Saved entries:
___

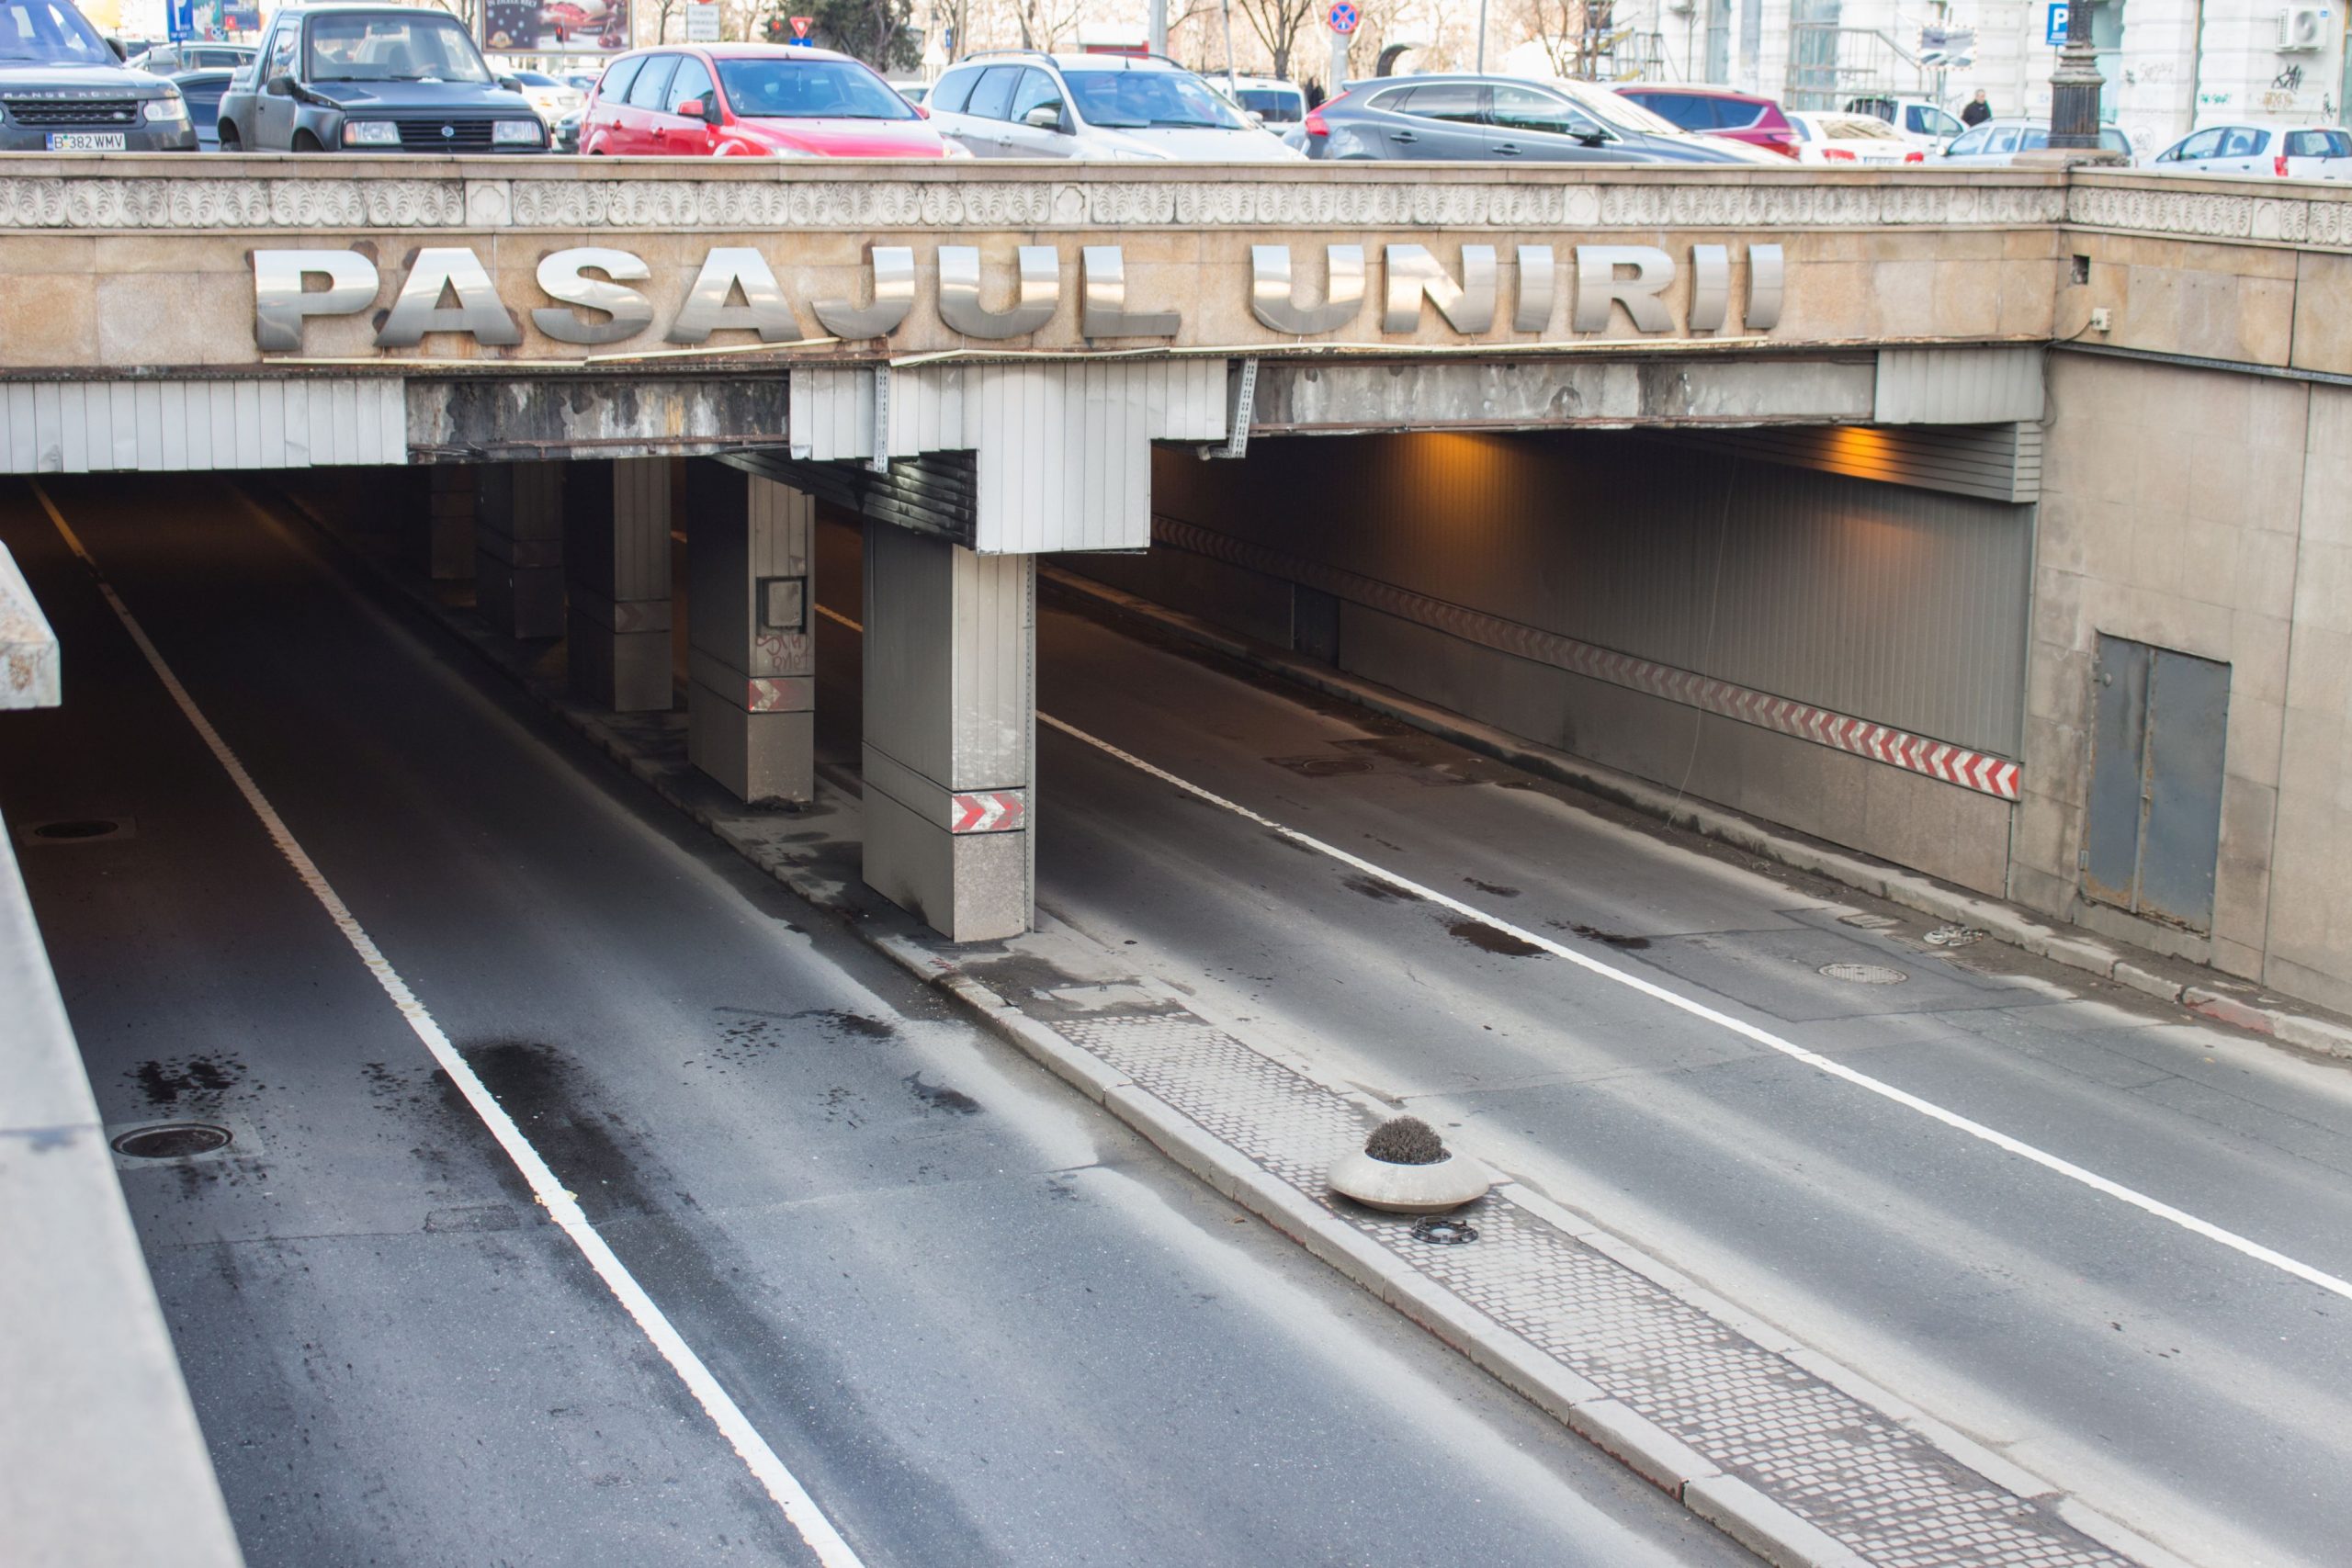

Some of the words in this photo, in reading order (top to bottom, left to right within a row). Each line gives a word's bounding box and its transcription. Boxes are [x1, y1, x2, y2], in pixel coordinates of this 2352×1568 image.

[2052, 7, 2069, 31] P
[54, 136, 63, 148] B
[69, 136, 92, 148] 382
[94, 135, 123, 148] WMV
[254, 245, 1182, 351] PASAJUL
[1250, 243, 1784, 334] UNIRII

___

EXERCISE REQUIREMENTS:
Give the records back verbatim, pictures excluded.

RESPONSE:
Some of the words in this photo, in reading order (top to bottom, left to right within a row). Each line gives a word's bounding box and its transcription. Boxes are [x1, y1, x2, y2], in pixel coordinates of this 2352×1568 image.

[2052, 7, 2069, 31] P
[54, 136, 63, 148] B
[69, 136, 92, 148] 382
[94, 135, 123, 148] WMV
[254, 245, 1182, 351] PASAJUL
[1250, 243, 1784, 334] UNIRII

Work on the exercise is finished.